Our average search is 8 to 24 hours long. With no EMS other than a few First aid People, we wanted to advance our training in responses for our victims. The care needed was more advanced than a first aid level. We received the Green light over 6 months ago to attend a county provided EMT Training.
We have worked to address the protocols in our jurisdiction.
Now 5 days before EMT training starts the SO wants us to do an essay and prove our worth or no training!
We do not transport but provide an on site EMS till a more Advanced transport arrives. Can you help with your counties EMS and SAR protocols? STATS would be also welcomed. Email me at AzTRAUMAMOMMA@aol.com
I am currently putting together a SAR medical team and am starting from the ground up.
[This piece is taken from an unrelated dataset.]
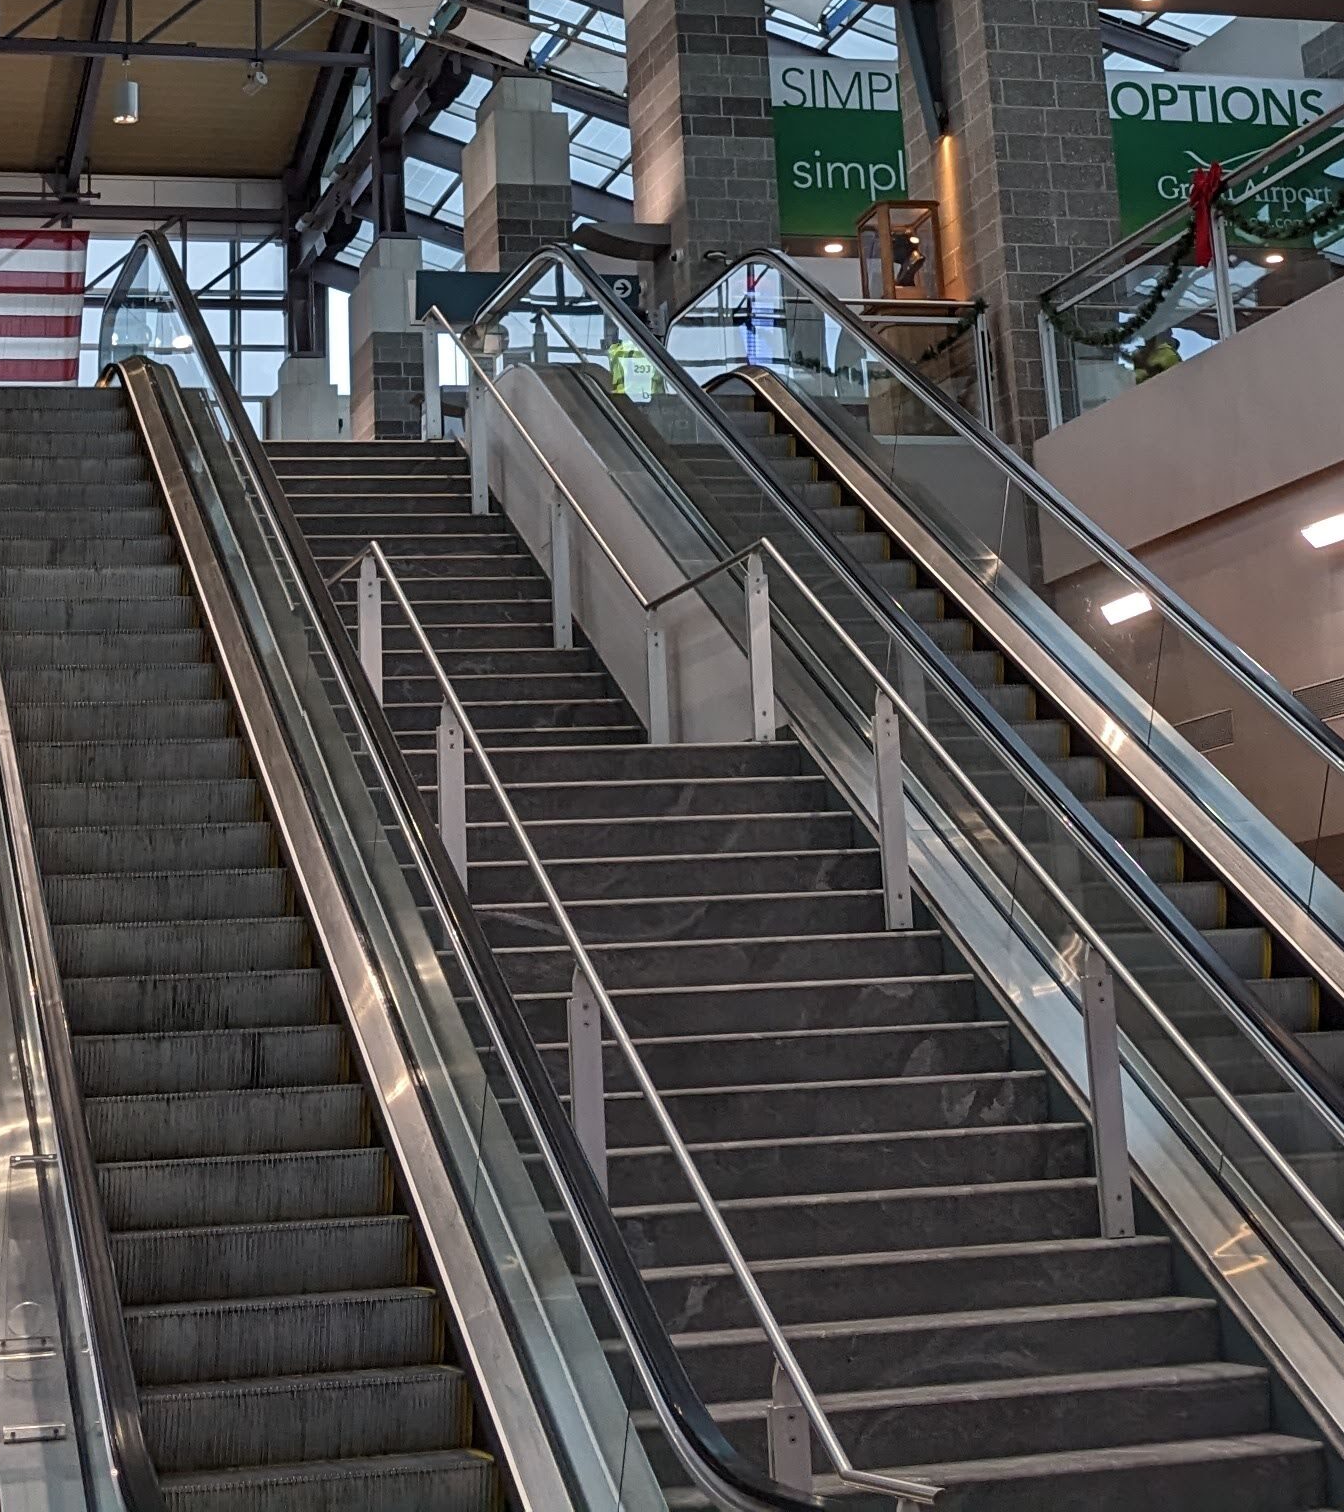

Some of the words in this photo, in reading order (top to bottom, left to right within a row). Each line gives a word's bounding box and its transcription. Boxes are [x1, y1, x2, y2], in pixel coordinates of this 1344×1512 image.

[1110, 81, 1325, 130] OPTIONS
[1158, 175, 1235, 202] Grn
[1243, 178, 1335, 213] Airport
We have only a few members from out side our County as we do not have a Jr College to recruit from. All the EMS is taught more than 30 miles away and in order to be an EMT B you have to go through 4 inch book on our counties Protocols. National Registry is not acknowledged here. If you want to work here you start somewhere else. Equipment and supplies are hard to find, even broken items. Our roller bandages were made and distributed in 1959. No lie.
But when we get a call out we work hard. One rescue I personal patched up and sent two by ambulance and 14 by POV. Total count of injured personal was 23. On ONE rescue. All were volunteers.
Broken T/B with no distal pulses. Flailed chest at t 5-8. Amazing injuries with little equipment and lots of our own money on the line. I just lost a hare traction splint that I know is gone. But you do what you can for the Patient.
You do good things. I think you should be commended.